ひろゆきはたぶんこれをツイートする時、「どうだみんな、冨樫義博や『HUNTER X HUNTER』好きだろ?売れてる漫画が一番だろ?」というロジックがネットの喝采で迎えられると確信していたと思う。いつものように。でもそうではなかった。確かにみんな『HUNTER X HUNTER』は好きだ。でも同時に、締め切りを守り長く続いた作品や、志半ばで打ち切られていった漫画たちのことも深く記憶していたりする。

要するにひろゆき得意の「要するに数字がすべてなんですよ」という万物を単純化するネオリベラル的ロジックが、漫画という繊細な文化の領域に接続された拒否反応が、7000RTという派手な炎上の火薬になったのだと思う。

でもさ、まあひろゆきを燃やした張本人が言うのもなんだけど、こういう「論破」はあまりスジのいいものではない。結局僕のツイートを後押ししたのは「マンガ文化を愛する人たちがネットには多い」という「数の多さ」に支えられた追い風だからだ。

でもこれって本当はマンガだけではなく、他のジャンルでもそうであるはずなのだ。「『HUNTER X HUNTER』は好きだけど、漫画の価値は売れる/売れないだけじゃない、そもそも面白い/つまらないの基準さえ人によってちがう」という漫画ファンの複雑な感情は、ひろゆきが他のジャンルでネオリベ的な理屈を振り回し、「そうだやっちまえ」と喝采を浴びている時にそのジャンルの人々が思っていたことかもしれないわけである。

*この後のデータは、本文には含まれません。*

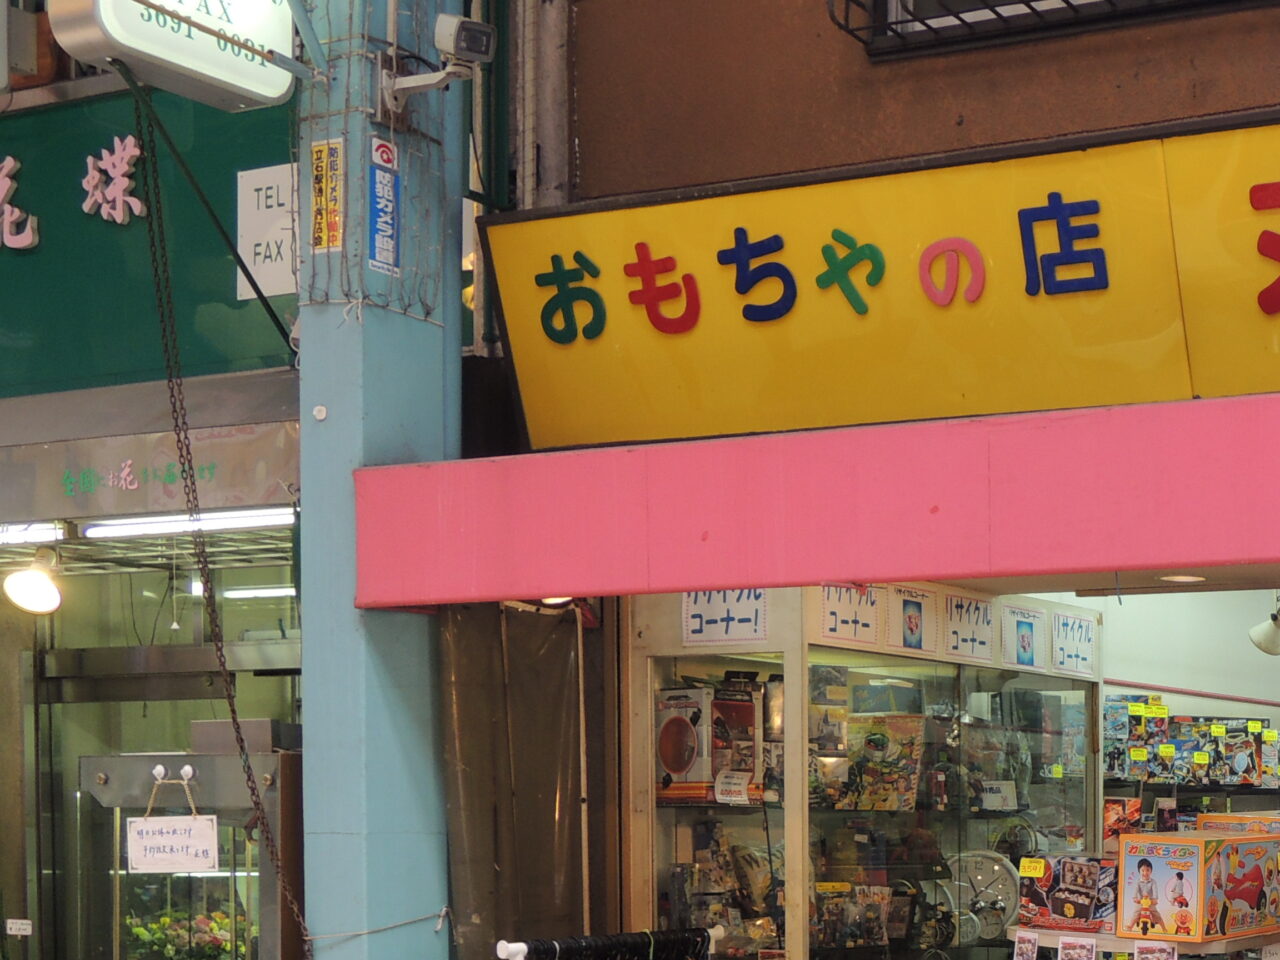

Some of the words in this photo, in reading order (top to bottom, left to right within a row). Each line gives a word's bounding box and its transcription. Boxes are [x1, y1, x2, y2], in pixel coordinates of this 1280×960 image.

[254, 186, 286, 210] TEL
[253, 239, 285, 265] FAX
[829, 611, 870, 637] コーナー
[945, 597, 992, 627] リサイクル
[952, 630, 987, 655] コーナー
[1053, 615, 1092, 644] リサイクル
[1059, 647, 1088, 670] コーナー

今回、ひろゆきはその「ネットの感情」を踏み外した。「締切を守れない『HUNTER X HUNTER』が売れて、締切を守ってもつまらない漫画は売れません」という言葉は「仮定の話」で逃げ道を作ってはあるが、「漫画はそんなに単純じゃないよ」というネットの感情に反旗を翻された。まあその通りだ。でも「そんなに単純じゃない」のは、本当はマンガだけではないんだよ。

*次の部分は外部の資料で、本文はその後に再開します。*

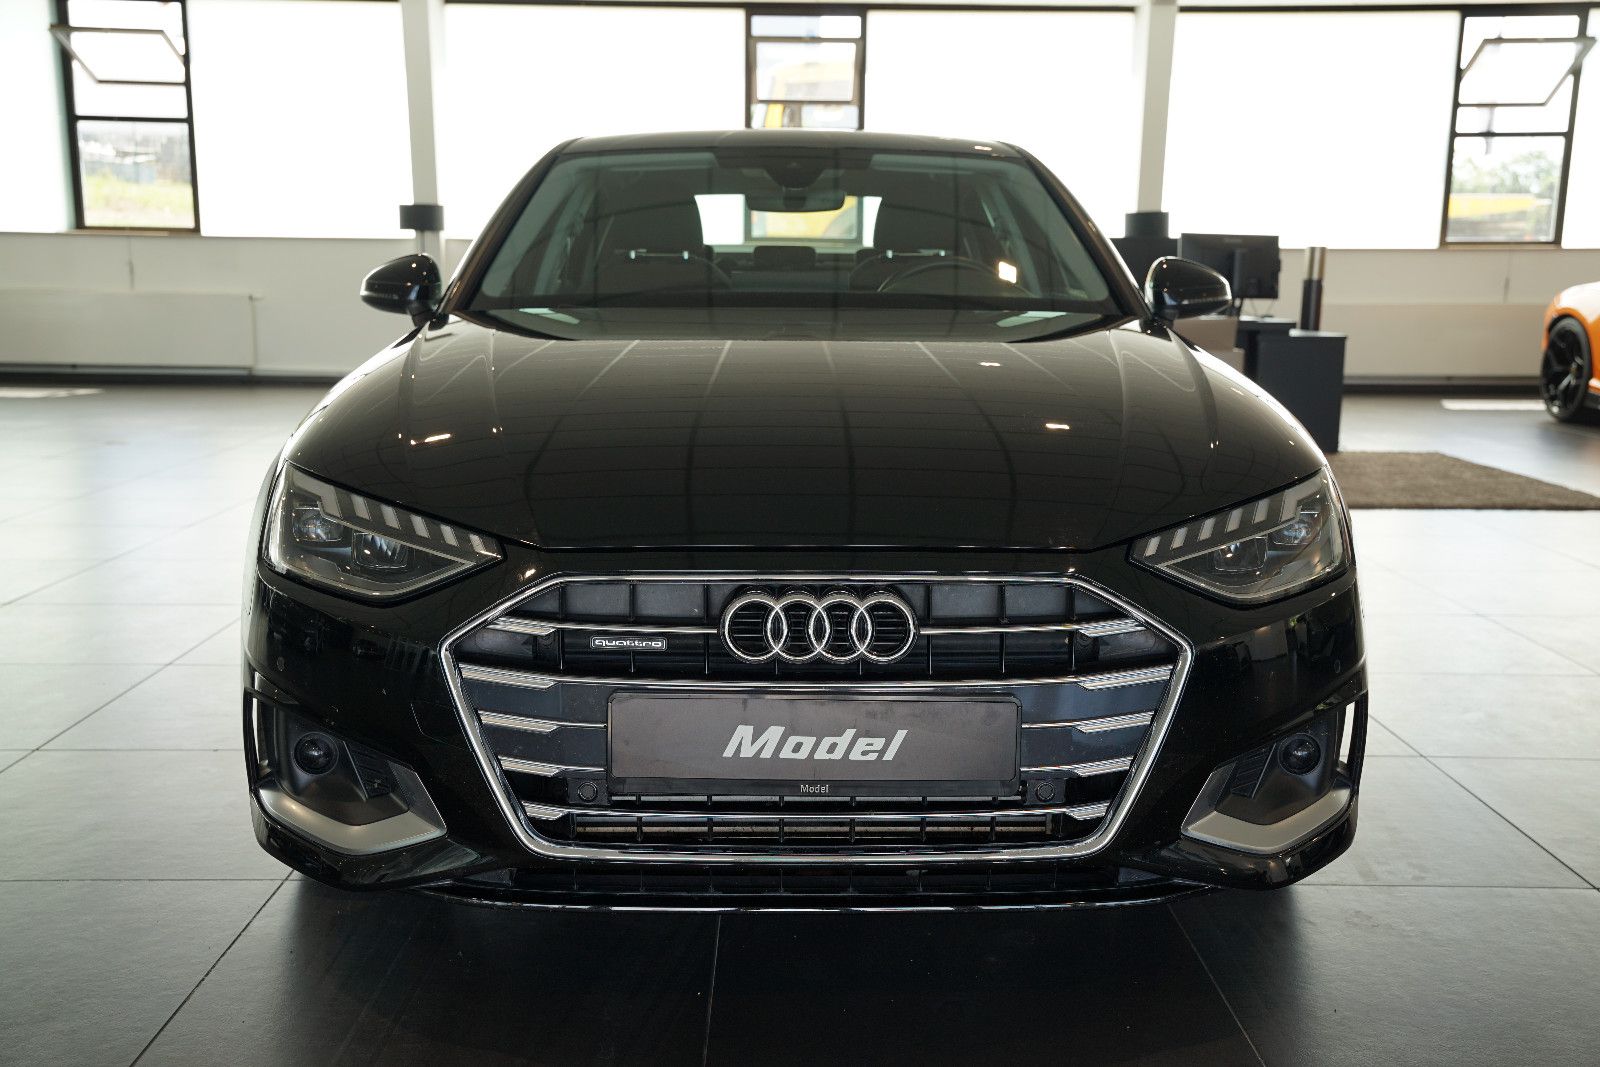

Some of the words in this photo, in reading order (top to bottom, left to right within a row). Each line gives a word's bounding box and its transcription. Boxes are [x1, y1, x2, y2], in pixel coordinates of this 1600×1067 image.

[594, 639, 662, 647] quattro
[722, 724, 909, 761] Model
[800, 784, 829, 793] Model

匿名掲示板が必要だった時代もあった。今の十代には信じられないかもしれないけど、もう21世紀になってたというのに、島田紳助がなんの落ち度もない女性マネージャーを拳で殴って書類送検された時、テレビは彼を容疑者ではなく司会者と呼び、今ではリベラルな顔をしている人たちが何人も彼に愛想笑いを浮かべていた。あの時に島田紳助を一般人がぼろくそに言える場所が社会には必要だったと思う。当時のひろゆきは、別に頭がいいから尊敬されていたわけじゃなかった。そんな厄介な場所の最終的な責任を取る人身御供みたいな存在として、「まあ最終的にヤバい責任をとることになるかもわかんないけど、ごめんなひろゆき俺たちの身代わりに」くらいの感じで慕われていたと思う。そういう場所が必要だった、あるいは今も必要なのかもしれない。でもひろゆきはもうその場所の管理人ではない。

そういう立場じゃなくなった今のひろゆきを若い世代がマジに頭がいい人として尊敬していることに関しては非常に複雑な気持ちだ。彼の言説は基本的に「ソーシャルハック」的な体裁で語られるが、彼が売るハッキングツールの大半は実際にはとっくに対策された、現実には役に立たない骨董品でしかない。ひろゆきの言っていることのすべてが間違いではない。問題は正しいことと間違ったことが混ざったまま若い世代が鵜呑みにしてしまうことだ。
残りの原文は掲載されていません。